BOOKENDS

4 Apr

My son Pudge’s baseball season officially begins this Saturday with his Tigers taking the field in an away game. Pudge (so named because he is a catcher) has been playing baseball spring summer and fall for the past five years rising through the tortures of Little League to Senior Ball to his school team Bulldogs to AAU. Along the way I have had some involvement in addition to being his equipment and travel manager— I was an assistant coach and member of the local Little League’s Board of Directors ( a truly eye opening experience).
One thing has stood out for me in these years of following kid sports —there are a too many adults involved, usually with a volatile mix of motives for that involvement

It is that circumstance that led me to an enlightening book that should be required reading for every little league apparatchik and parent—WHOSE GAME IS IT ANY WAY? (Mariner Books) by Richard D. Ginsburg, Stephen Durant and Amy Baltzell, Here’s the publisher’s synopsis:

In an era when parents and kids are overwhelmed by a sports-crazed, win-at-all-costs culture, here is a comprehensive guide that helps parents ensure a positive sports experience for their children. In Whose Game Is It, Anyway? two of the country’s leading youth sports psychologists team up with a former Olympic athlete and expert on performance enhancement to share what they have gleaned in more than forty years of combined experience.

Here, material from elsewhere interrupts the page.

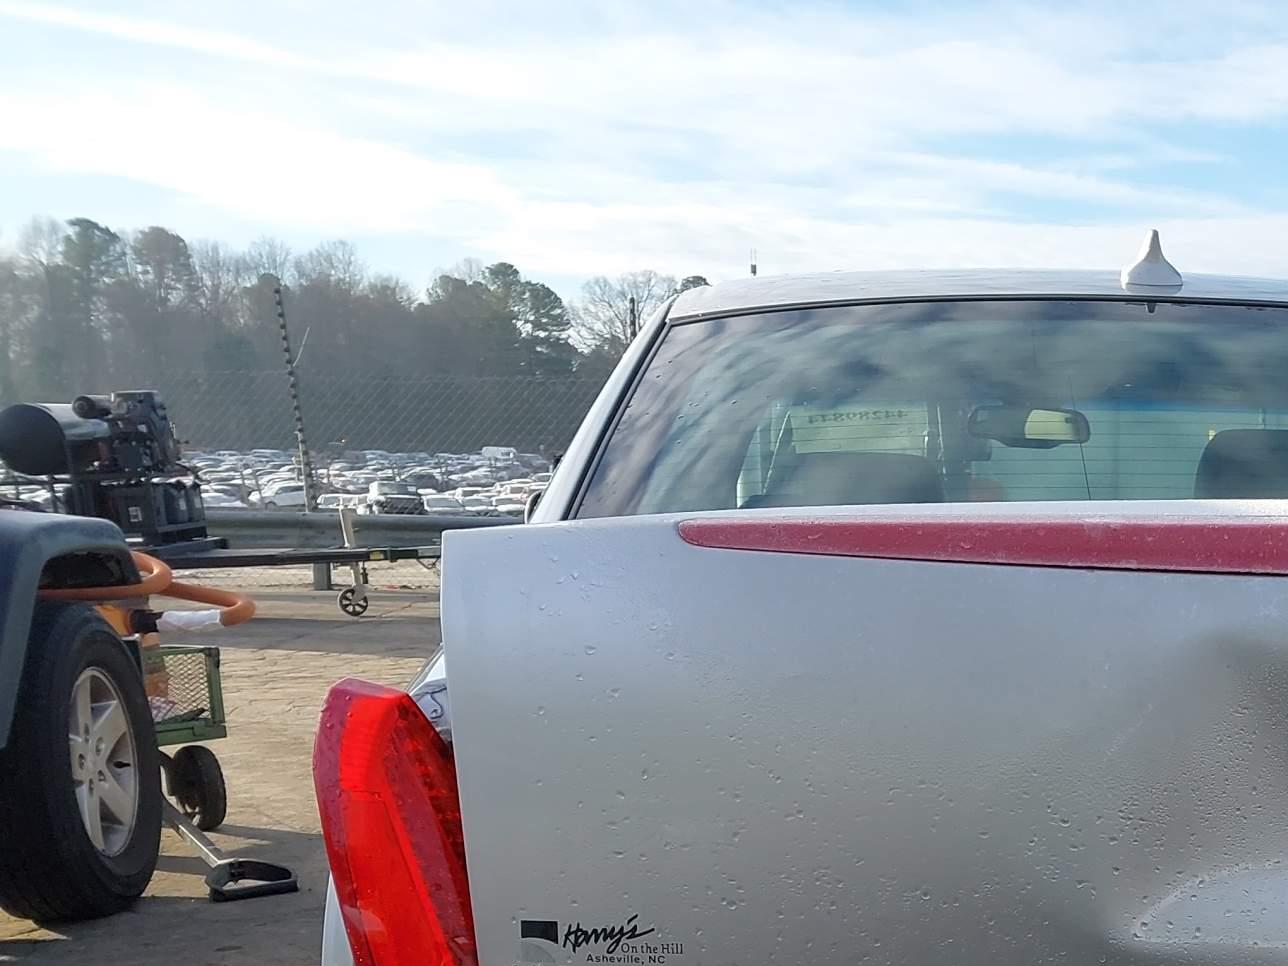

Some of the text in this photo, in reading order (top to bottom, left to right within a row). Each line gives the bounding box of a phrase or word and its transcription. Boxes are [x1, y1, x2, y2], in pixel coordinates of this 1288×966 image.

[562, 913, 655, 955] Harry's
[620, 942, 684, 955] On the Hill
[586, 953, 666, 966] Asheville, NC

…Through moving case studies and thoughtful analyses, Ginsburg, Durant, and Baltzell advocate a preventive approach through a simple three-step program: know yourself, know your child, know the environment. They look at children in age groups, identifying the physical, psychological, and emotional issues unique to each group and clarifying what parents can expect from and desire for their kids at every stage. They also explore myriad relevant topics, including parental pressure, losing teams, steroid use, the overscheduled child, and much more. Illuminating, impassioned, and inspiring, Whose Game Is It, Anyway? is required reading for anyone raising—or educating—a child who participates in sports.

Journlist Mark Hyman (Until it Hurts)addresses the other horn of the youth sports dilemma with his new book THE MOST EXPENSIVE GAME IN TOWN (Beacon Press). Given that 50 million kids participate in sports in the USA, this is a timely and useful book. In the interest of concision, here’s the publisher’s description of Hyman’s tome:

Building on his eye-opening investigation into the damaging effects of the ultra-competitive culture of youth sports in his first book, Until It Hurts, sports dad and journalist Mark Hyman takes us behind the scenes for a startling look at the business of youth sports, how it has changed, and how it is affecting young Americans. Examining the youth sports economy from many sides-the major corporations, small entrepreneurs, coaches, parents, and, of course, kids-Hyman probes the reasons for rapid changes in what gets bought and sold in this lucrative marketplace.

When I was a kid we would gather, after school and on weekends, at the local diamond or basketball court and play and play and play with almost no adult supervision. And we didn’t gave $300 mitts and $200 bats. So it goes

Currently reading The Cove by Ron Rash (Ecco)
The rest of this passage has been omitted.